I've used a few of the little mini OPI bottles and a couple of full-size bottles, so it is possible, but it also isn't super easy. Any left over nail polish, I just keep in my collection, because I'll eventually use it, even if it just for nail art or something.


----------



## zadidoll (Jan 18, 2013)

Nail polish doesn't spoil like cosmetics, so long as you properly store it away from heat and light it will last a very long time. I have bottles going back several years and from time to time use those polishes. It eventually will break down over years just like paint in a can will eventually break down over time but with proper storage it will last years. I have used up several bottles of polishes over the years and when my hoard/stash/collection was under 15 polishes I could use up a 0.5 oz bottle in about six months, give or take.

I do tend to keep my polish around even if it becomes very thick or no longer is useable simply for the sake of being able to reference the color in an attempt to dupe.


----------



## Dalylah (Jan 18, 2013)

If your polish does get goopy or too thick just add a drop or two of polish thinner to it and it's fine again. This is purchasable at Sallys for a couple of dollars.


----------



## deactivateduser232015 (Jan 18, 2013)

For Julep, I can safely estimate about 10-12 manis per bottle, but it is related to how long your nails are and how many layers you do/how thick each layer is.

The OPI minis are about half of that and the OPI about twice, so I'd say 4-5 manis out of a mini (1/8fl oz) and about 22-25 manis in a 15mL bottle. Though I have a mini from the S!OPI collection, Dear Diary, which I basically demolished 2/5s of with one manicure. Yeesh.
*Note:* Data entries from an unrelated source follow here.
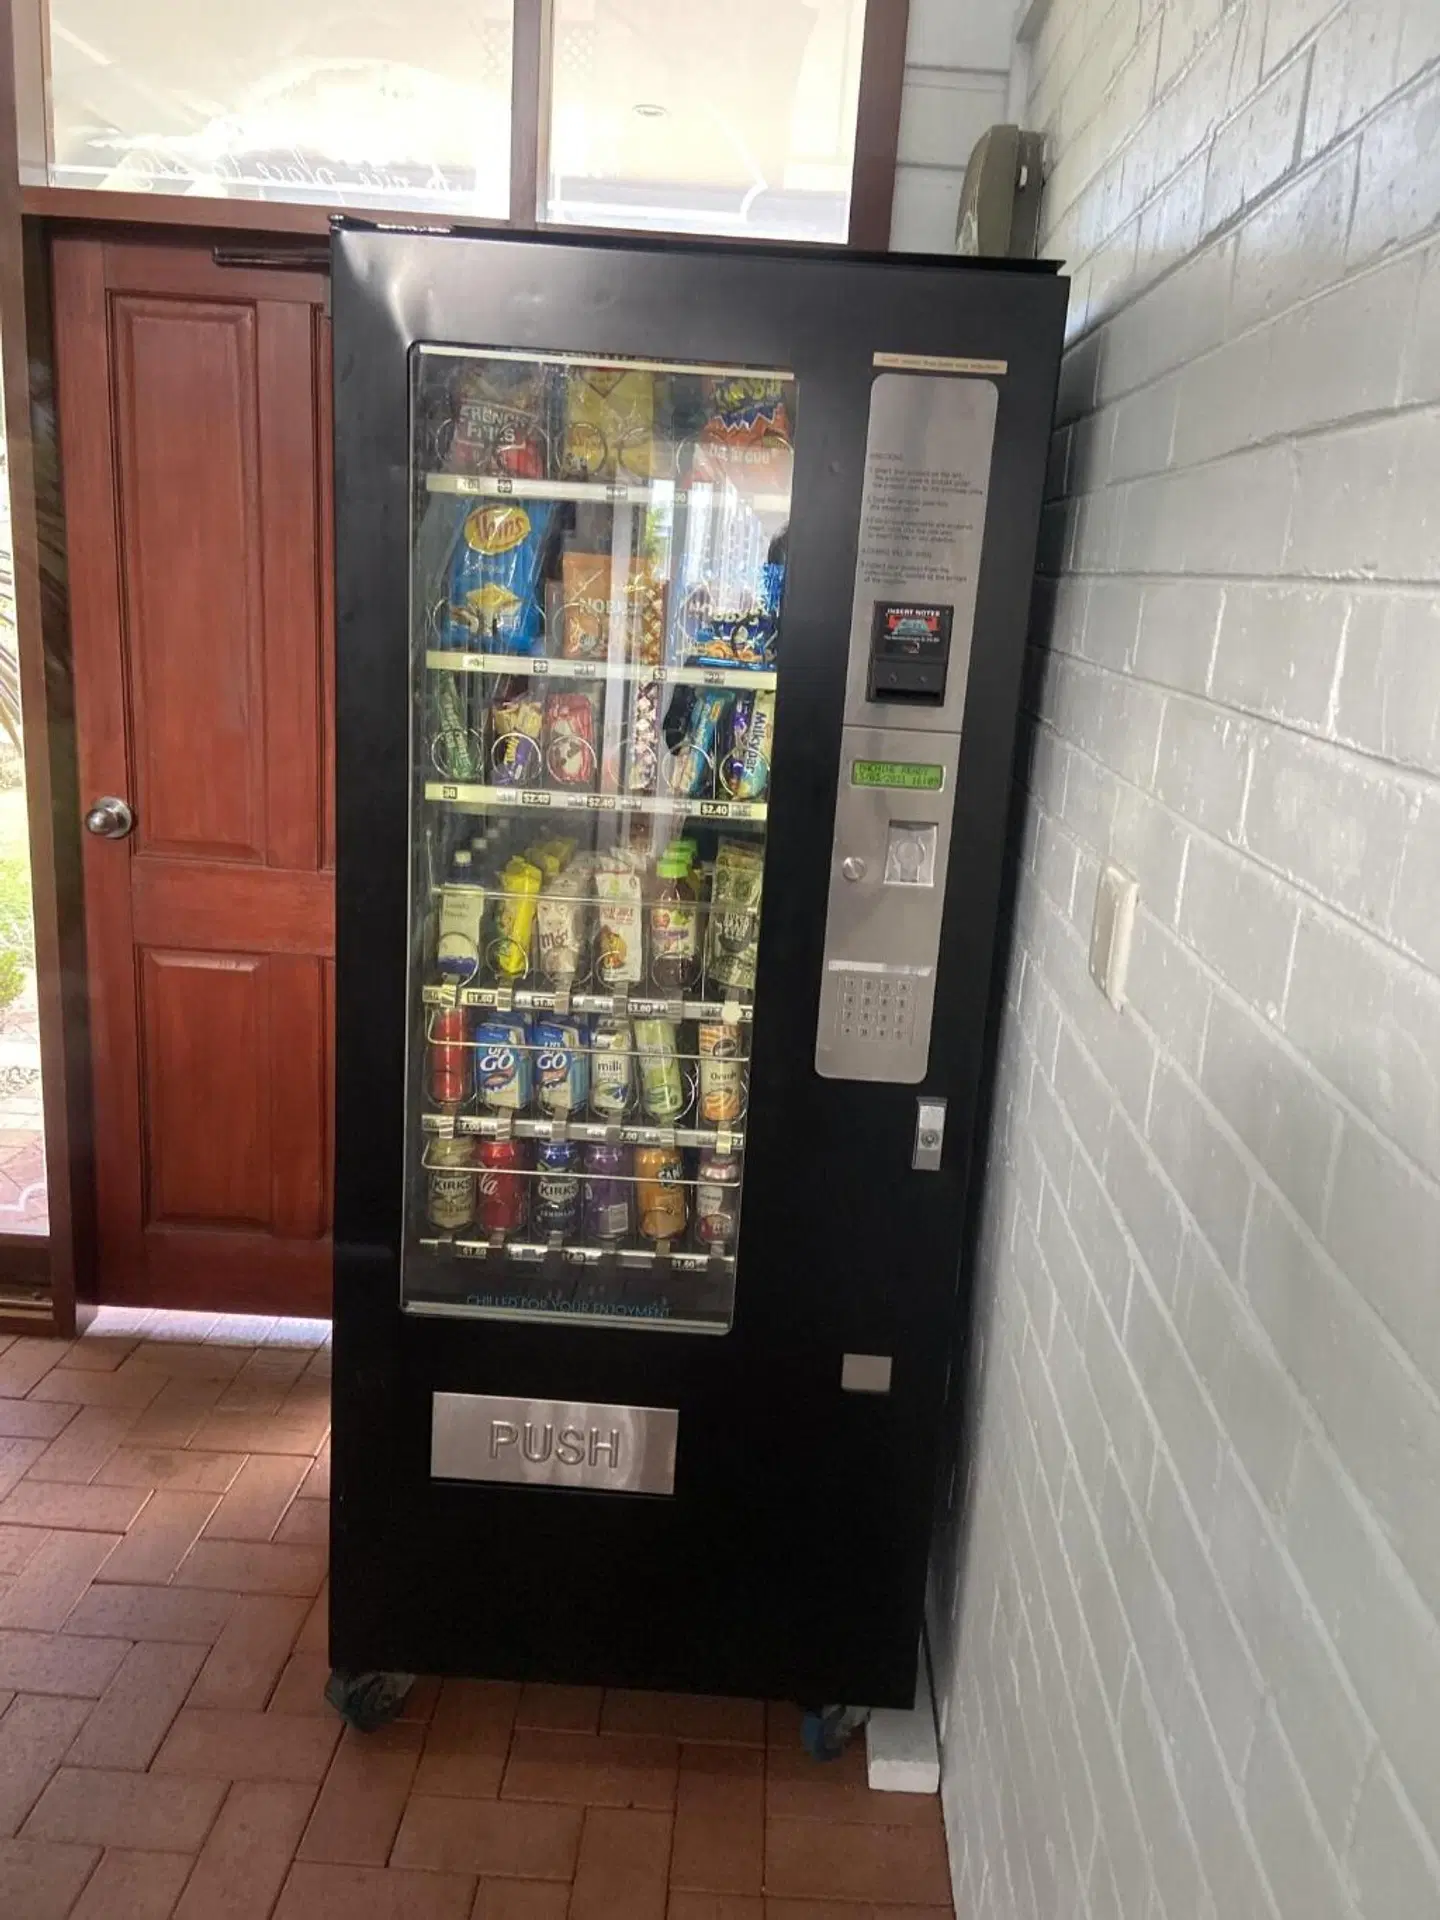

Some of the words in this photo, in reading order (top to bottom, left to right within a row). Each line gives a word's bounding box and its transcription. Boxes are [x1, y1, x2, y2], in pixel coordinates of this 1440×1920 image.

[887, 607, 914, 616] INSERT
[701, 804, 728, 815] $2.40
[480, 1052, 515, 1072] GO
[537, 1052, 568, 1070] GO
[434, 1178, 471, 1192] KIRKS
[540, 1183, 578, 1197] KIRKS
[521, 1297, 549, 1312] FOR
[551, 1299, 589, 1315] YOUR
[592, 1302, 672, 1320] ENJOYMENT
[488, 1418, 621, 1469] PUSH
Nail polish spoils, though, or at least cheap nail polish does, especially if you don't take care of it. I have some bottles from the last 3-5 years that are completely dried out and basically unsalvageable even with thinner. Thinner only helps if it's goopy ): Brands known for their quality -- like OPI and Zoya -- tend to stay usable, even if you might need to thin it.

Actually, there's a really touching story from the owner of workplaypolish.com about how she found a super super vintage bottle of Zoya from when her mother passed away. Apparently the bottle is from 1995 (or possibly 1997), but she says that when she used it, the quality of the polish was basically perfect despite being 17+ years old, no thinner needed! That's why I always invest in quality polish XD Or so I justify to myself


----------



## Dalylah (Jan 18, 2013)

> Originally Posted by *Kyuu* /img/forum/go_quote.gif
> 
> Nail polish spoils, though, or at least cheap nail polish does, especially if you don't take care of it. I have some bottles from the last 3-5 years that are completely dried out and basically unsalvageable even with thinner. Thinner only helps if it's goopy ): Brands known for their quality -- like OPI and Zoya -- tend to stay usable, even if you might need to thin it.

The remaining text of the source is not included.